Hundreds of parents who choose not to vaccinate their children protested in front of the Education Department in Albany Monday.
They held a rally and flocked into the hallways outside a Board of Regents meeting to defend their right not to vaccinate.
As News 12 has previously reported, a new state law ended religious exemptions back in June after a measles outbreak.
The law states that all children must start getting their vaccines within the first two weeks of school and have them completed by the end of the year. If they don't, they will need to be home-schooled.
"Families are traumatized about this," said Rita Palma of the Children's Health Defense. "Families are upside down, they're moving out of state, selling their homes, people are trying to convert to home-schooling."
Giovanni Mazzarelli, a holistic chiropractor in Poughkeepsie, says the law has left him and his wife no choice but to home-school their three children.
Pediatricians say that children need vaccines for the students' health.
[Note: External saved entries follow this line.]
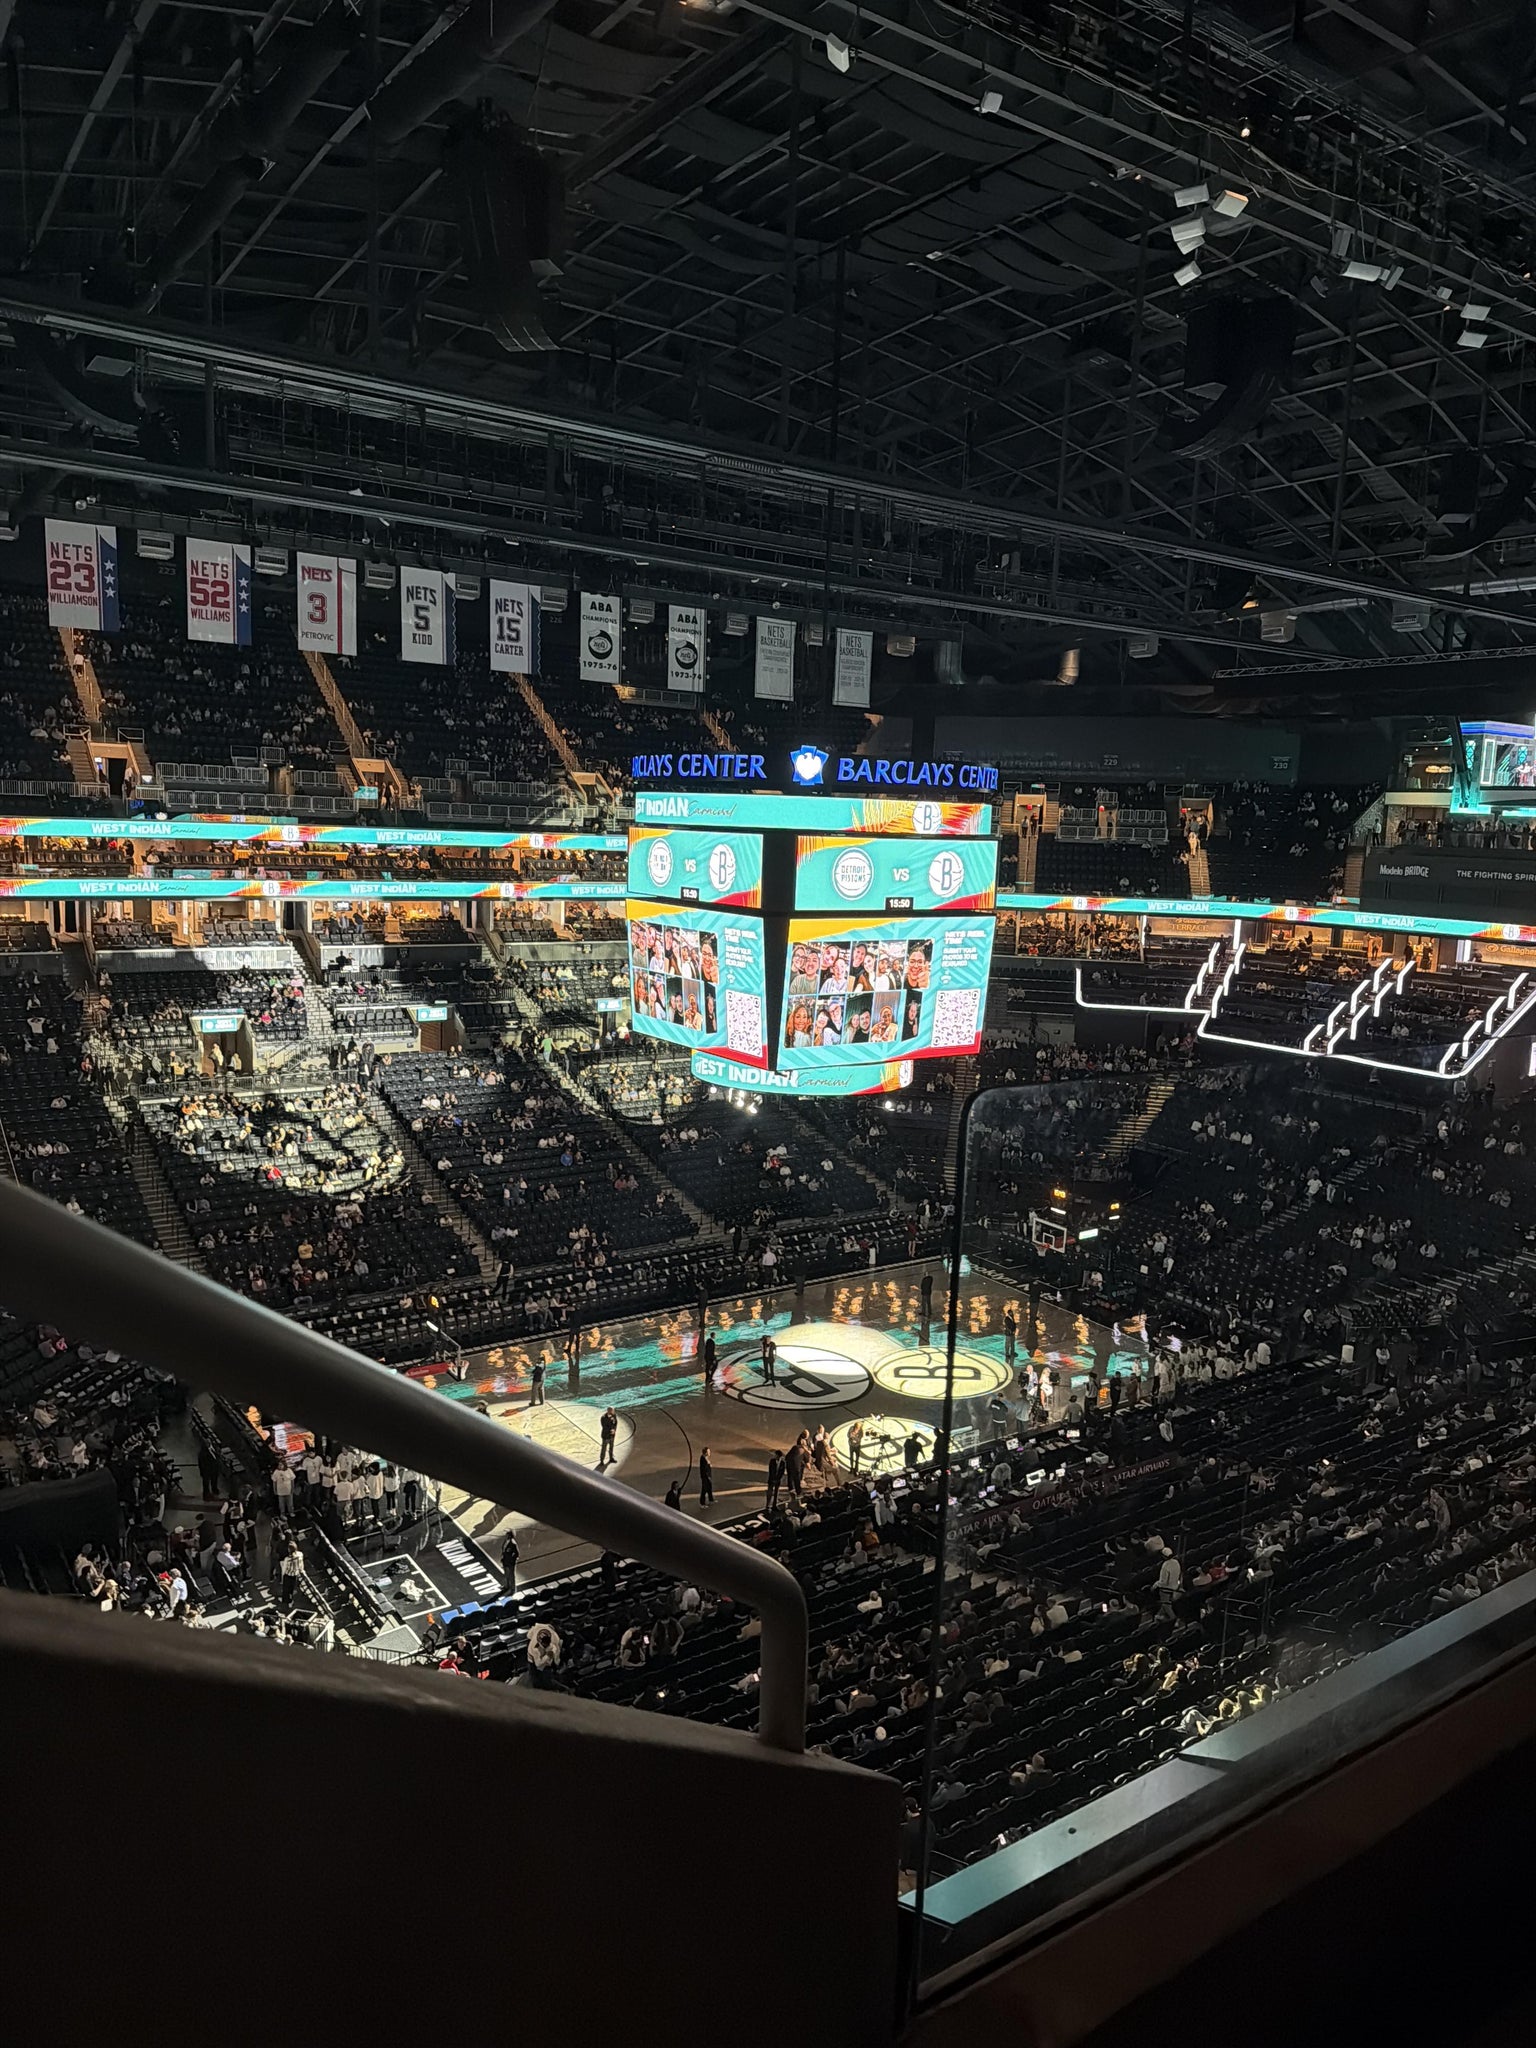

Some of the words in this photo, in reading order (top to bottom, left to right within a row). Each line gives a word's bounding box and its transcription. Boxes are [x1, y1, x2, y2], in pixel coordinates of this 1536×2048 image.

[50, 541, 93, 562] NETS
[190, 559, 229, 579] NETS
[301, 565, 333, 582] NETS
[50, 560, 95, 593] 23
[190, 577, 230, 608] 52
[406, 585, 437, 606] NETS
[49, 592, 98, 607] WILLIAMSON
[307, 592, 328, 624] 3
[495, 597, 524, 618] NETS
[589, 601, 613, 613] ABA
[190, 608, 231, 622] WILLIAMS
[413, 604, 430, 631] 5
[582, 614, 618, 625] CHAMPIONS
[677, 613, 699, 625] ABA
[301, 631, 335, 641] PETROVIC
[496, 616, 521, 643] 15
[671, 627, 702, 636] CHAMPIONS
[767, 625, 785, 638] NETS
[412, 633, 433, 645] KIDD
[760, 636, 791, 648] BASKETBALL
[845, 635, 862, 648] NETS
[494, 643, 524, 656] CARTER
[583, 661, 618, 671] 1975-76
[671, 670, 702, 680] 1973-74
[678, 754, 767, 779] CENTER
[837, 757, 954, 786] BARCLAYS
[646, 796, 689, 817] INDIAN
[92, 823, 126, 835] WEST
[129, 823, 172, 835] INDIAN
[376, 831, 405, 842] WEST
[407, 832, 442, 843] INDIAN
[841, 864, 866, 874] DETROIT
[893, 868, 910, 882] VS
[1379, 864, 1403, 876] Modelo
[1404, 865, 1430, 878] BRIDGE
[1456, 869, 1472, 878] THE
[1474, 870, 1513, 880] FIGHTING
[841, 874, 866, 883] PISTONS
[79, 882, 114, 894] WEST
[117, 882, 160, 893] INDIAN
[350, 883, 379, 894] WEST
[381, 883, 417, 893] INDIAN
[571, 885, 597, 895] WEST
[600, 885, 626, 894] INDIAN
[889, 898, 910, 908] 15:50
[1147, 901, 1173, 911] WEST
[1175, 902, 1209, 912] INDIAN
[1354, 914, 1379, 924] WEST
[1381, 917, 1414, 928] INDIAN
[728, 1066, 799, 1088] INDIAN
[894, 1364, 981, 1380] B
[456, 1561, 487, 1578] IN
[469, 1572, 503, 1596] ALL
"The immunizations that required by state are very, very important to public health," says Michael Grosso of the Huntington Hospital.
The Education Department released a statement to News 12 saying: "The Regents meeting is a public meeting that follows an established agent of items to discuss and is not designed to be a public hearing. The changes made to the immunization law were made to the public health law and the New York State Department of Health is the appropriate agency to promulgate regulations in this area and can only do so within the confines of what the stature allows."
There are at least 26,000 children in New York who previously had obtained religious exemptions to vaccinations.